Phrase grounding data
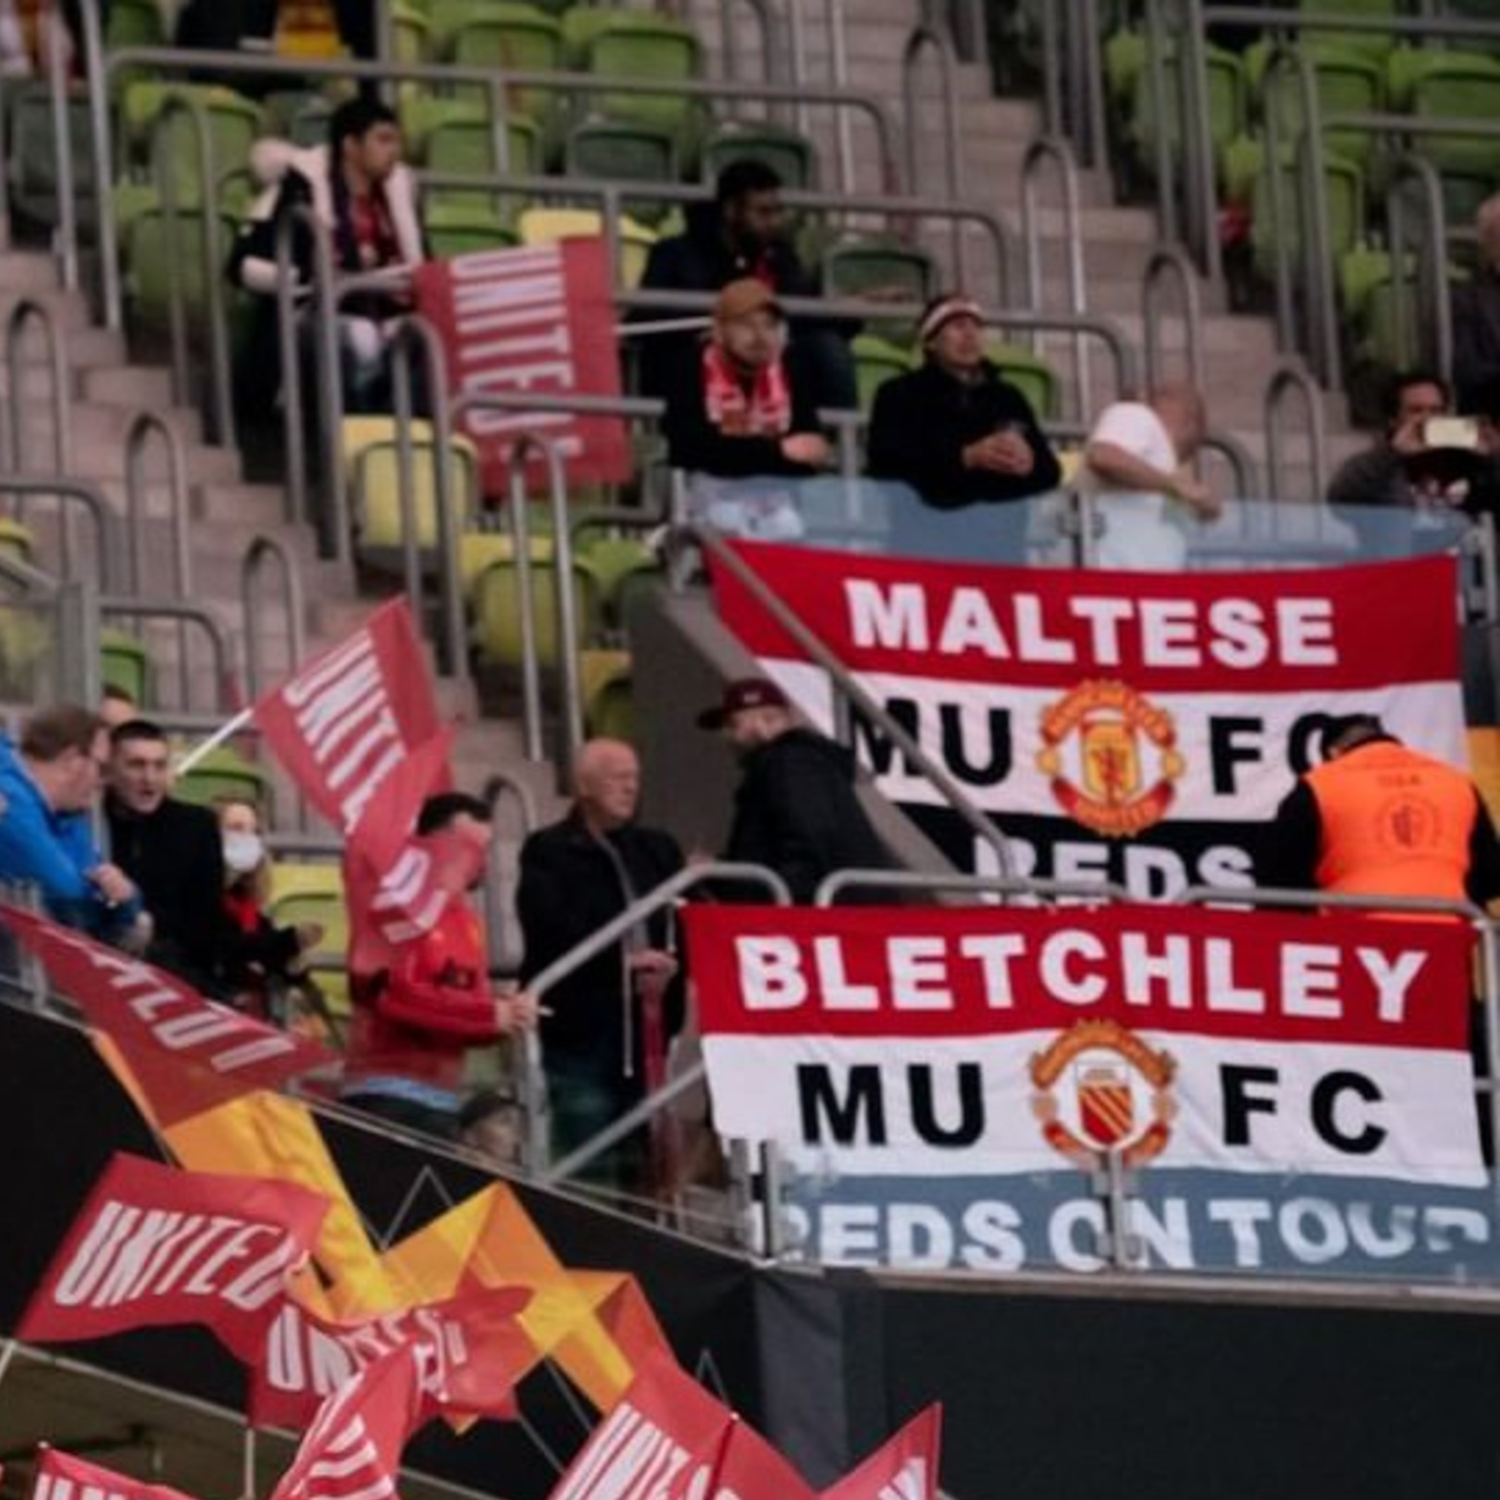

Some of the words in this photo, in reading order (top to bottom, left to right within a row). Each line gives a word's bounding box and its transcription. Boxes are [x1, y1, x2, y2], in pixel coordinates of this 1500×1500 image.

[844, 579, 1338, 667] MALTESE
[735, 930, 1428, 1022] BLETCHLEY
[797, 1064, 984, 1148] MU
[1220, 1065, 1389, 1155] FC

> _How to complete this task_
Repeat the entries exactly as they are given, leaving out each image.

> _Problem solution_
Some of the words in this photo, in reading order (top to bottom, left to right within a row). Each line gives a word's bounding box and its transcription. Boxes are [x1, y1, x2, y2], in pixel coordinates of this 1500×1500 image.

[844, 579, 1338, 667] MALTESE
[735, 930, 1428, 1022] BLETCHLEY
[797, 1064, 984, 1148] MU
[1220, 1065, 1389, 1155] FC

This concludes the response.